**Work order**
Set down a precise copy of the whole listing.

**Records shown**
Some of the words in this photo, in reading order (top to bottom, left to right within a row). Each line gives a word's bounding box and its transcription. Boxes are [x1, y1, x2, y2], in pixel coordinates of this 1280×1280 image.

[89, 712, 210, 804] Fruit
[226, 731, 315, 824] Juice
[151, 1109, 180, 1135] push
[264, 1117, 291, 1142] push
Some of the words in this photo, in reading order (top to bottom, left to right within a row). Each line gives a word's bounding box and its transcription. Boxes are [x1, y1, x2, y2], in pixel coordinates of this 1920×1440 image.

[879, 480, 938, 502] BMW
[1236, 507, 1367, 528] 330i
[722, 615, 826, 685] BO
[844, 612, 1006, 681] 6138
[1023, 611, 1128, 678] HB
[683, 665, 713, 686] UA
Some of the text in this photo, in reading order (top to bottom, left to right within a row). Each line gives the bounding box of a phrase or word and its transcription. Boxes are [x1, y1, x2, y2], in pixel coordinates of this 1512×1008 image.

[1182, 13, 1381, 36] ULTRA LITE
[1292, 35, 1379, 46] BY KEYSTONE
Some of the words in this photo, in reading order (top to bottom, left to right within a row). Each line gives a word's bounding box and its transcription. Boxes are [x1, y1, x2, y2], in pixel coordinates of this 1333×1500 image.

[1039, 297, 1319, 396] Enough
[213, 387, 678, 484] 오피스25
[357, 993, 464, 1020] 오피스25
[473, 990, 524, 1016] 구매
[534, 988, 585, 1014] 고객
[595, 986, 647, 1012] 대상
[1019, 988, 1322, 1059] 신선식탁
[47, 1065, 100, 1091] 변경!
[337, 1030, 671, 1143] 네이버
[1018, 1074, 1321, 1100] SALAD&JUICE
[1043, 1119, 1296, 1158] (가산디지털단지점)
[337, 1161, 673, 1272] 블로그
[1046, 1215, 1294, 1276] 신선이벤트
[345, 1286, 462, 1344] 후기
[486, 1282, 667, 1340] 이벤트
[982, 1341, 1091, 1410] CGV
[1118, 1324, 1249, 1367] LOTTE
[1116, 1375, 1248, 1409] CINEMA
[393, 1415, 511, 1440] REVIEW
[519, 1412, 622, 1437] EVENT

**Completed task**
Some of the words in this photo, in reading order (top to bottom, left to right within a row). Each line gives a word's bounding box and its transcription. Boxes are [x1, y1, x2, y2], in pixel coordinates of this 1280×1280 image.

[89, 712, 210, 804] Fruit
[226, 731, 315, 824] Juice
[151, 1109, 180, 1135] push
[264, 1117, 291, 1142] push
Some of the words in this photo, in reading order (top to bottom, left to right within a row). Each line gives a word's bounding box and its transcription. Boxes are [x1, y1, x2, y2], in pixel coordinates of this 1920×1440 image.

[879, 480, 938, 502] BMW
[1236, 507, 1367, 528] 330i
[722, 615, 826, 685] BO
[844, 612, 1006, 681] 6138
[1023, 611, 1128, 678] HB
[683, 665, 713, 686] UA
Some of the text in this photo, in reading order (top to bottom, left to right within a row). Each line gives the bounding box of a phrase or word and its transcription. Boxes are [x1, y1, x2, y2], in pixel coordinates of this 1512×1008 image.

[1182, 13, 1381, 36] ULTRA LITE
[1292, 35, 1379, 46] BY KEYSTONE
Some of the words in this photo, in reading order (top to bottom, left to right within a row). Each line gives a word's bounding box and its transcription. Boxes are [x1, y1, x2, y2], in pixel coordinates of this 1333×1500 image.

[1039, 297, 1319, 396] Enough
[213, 387, 678, 484] 오피스25
[357, 993, 464, 1020] 오피스25
[473, 990, 524, 1016] 구매
[534, 988, 585, 1014] 고객
[595, 986, 647, 1012] 대상
[1019, 988, 1322, 1059] 신선식탁
[47, 1065, 100, 1091] 변경!
[337, 1030, 671, 1143] 네이버
[1018, 1074, 1321, 1100] SALAD&JUICE
[1043, 1119, 1296, 1158] (가산디지털단지점)
[337, 1161, 673, 1272] 블로그
[1046, 1215, 1294, 1276] 신선이벤트
[345, 1286, 462, 1344] 후기
[486, 1282, 667, 1340] 이벤트
[982, 1341, 1091, 1410] CGV
[1118, 1324, 1249, 1367] LOTTE
[1116, 1375, 1248, 1409] CINEMA
[393, 1415, 511, 1440] REVIEW
[519, 1412, 622, 1437] EVENT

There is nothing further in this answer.